Where the line containing "this 2000×1333 image." appears, start copying; continue through the last line below and copy nothing else.

-=-=-=-=-

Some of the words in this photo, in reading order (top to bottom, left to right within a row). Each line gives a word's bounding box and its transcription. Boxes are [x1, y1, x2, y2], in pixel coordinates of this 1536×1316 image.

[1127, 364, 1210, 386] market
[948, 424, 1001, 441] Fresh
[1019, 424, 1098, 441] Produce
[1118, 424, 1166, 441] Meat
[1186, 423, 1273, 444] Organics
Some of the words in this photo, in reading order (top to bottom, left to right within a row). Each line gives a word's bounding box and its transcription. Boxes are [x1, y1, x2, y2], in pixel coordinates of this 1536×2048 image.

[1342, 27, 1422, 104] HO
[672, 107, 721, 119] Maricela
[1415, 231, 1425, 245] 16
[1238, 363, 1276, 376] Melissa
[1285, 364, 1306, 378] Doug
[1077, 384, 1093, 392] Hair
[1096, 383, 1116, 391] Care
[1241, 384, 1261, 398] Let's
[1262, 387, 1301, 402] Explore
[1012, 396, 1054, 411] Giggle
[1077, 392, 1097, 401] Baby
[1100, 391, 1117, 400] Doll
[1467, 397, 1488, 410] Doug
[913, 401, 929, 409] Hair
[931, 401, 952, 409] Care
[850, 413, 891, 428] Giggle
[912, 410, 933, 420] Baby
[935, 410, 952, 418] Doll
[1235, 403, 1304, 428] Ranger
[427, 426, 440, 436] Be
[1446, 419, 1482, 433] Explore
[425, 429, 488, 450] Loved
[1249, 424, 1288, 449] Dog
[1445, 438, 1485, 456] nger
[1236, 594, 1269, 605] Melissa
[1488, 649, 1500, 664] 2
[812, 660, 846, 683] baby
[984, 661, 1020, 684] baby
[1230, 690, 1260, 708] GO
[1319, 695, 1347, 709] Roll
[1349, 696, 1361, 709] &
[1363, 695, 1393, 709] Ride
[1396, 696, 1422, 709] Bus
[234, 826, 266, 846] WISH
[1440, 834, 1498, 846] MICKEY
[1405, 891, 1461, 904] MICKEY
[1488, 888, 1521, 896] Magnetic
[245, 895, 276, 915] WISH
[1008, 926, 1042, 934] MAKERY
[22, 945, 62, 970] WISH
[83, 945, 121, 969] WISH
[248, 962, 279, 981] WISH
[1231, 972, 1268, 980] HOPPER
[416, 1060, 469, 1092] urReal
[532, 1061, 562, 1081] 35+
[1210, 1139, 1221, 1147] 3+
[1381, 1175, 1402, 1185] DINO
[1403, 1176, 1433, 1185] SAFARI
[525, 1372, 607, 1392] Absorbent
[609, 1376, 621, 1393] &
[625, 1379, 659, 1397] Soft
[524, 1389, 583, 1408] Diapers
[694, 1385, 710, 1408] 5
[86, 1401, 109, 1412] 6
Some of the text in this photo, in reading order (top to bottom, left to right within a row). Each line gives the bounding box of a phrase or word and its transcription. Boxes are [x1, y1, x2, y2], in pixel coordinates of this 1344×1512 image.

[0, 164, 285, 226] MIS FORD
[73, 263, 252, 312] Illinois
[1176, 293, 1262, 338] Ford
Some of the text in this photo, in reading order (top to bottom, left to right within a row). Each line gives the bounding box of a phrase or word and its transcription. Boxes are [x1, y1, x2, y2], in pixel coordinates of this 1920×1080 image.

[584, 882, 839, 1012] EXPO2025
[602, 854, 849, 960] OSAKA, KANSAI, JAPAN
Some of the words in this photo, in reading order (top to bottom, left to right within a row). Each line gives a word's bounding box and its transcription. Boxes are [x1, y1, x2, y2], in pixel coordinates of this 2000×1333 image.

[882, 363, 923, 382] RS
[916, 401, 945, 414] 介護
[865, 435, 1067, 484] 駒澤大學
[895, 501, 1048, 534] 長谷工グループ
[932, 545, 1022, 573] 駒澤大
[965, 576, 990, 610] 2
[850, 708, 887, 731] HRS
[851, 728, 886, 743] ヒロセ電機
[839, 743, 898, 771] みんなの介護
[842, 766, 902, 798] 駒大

-=-=-=-=-

## SOLUTION TO THE PROBLEM
Some of the words in this photo, in reading order (top to bottom, left to right within a row). Each line gives a word's bounding box and its transcription. Boxes are [x1, y1, x2, y2], in pixel coordinates of this 2000×1333 image.

[882, 363, 923, 382] RS
[916, 401, 945, 414] 介護
[865, 435, 1067, 484] 駒澤大學
[895, 501, 1048, 534] 長谷工グループ
[932, 545, 1022, 573] 駒澤大
[965, 576, 990, 610] 2
[850, 708, 887, 731] HRS
[851, 728, 886, 743] ヒロセ電機
[839, 743, 898, 771] みんなの介護
[842, 766, 902, 798] 駒大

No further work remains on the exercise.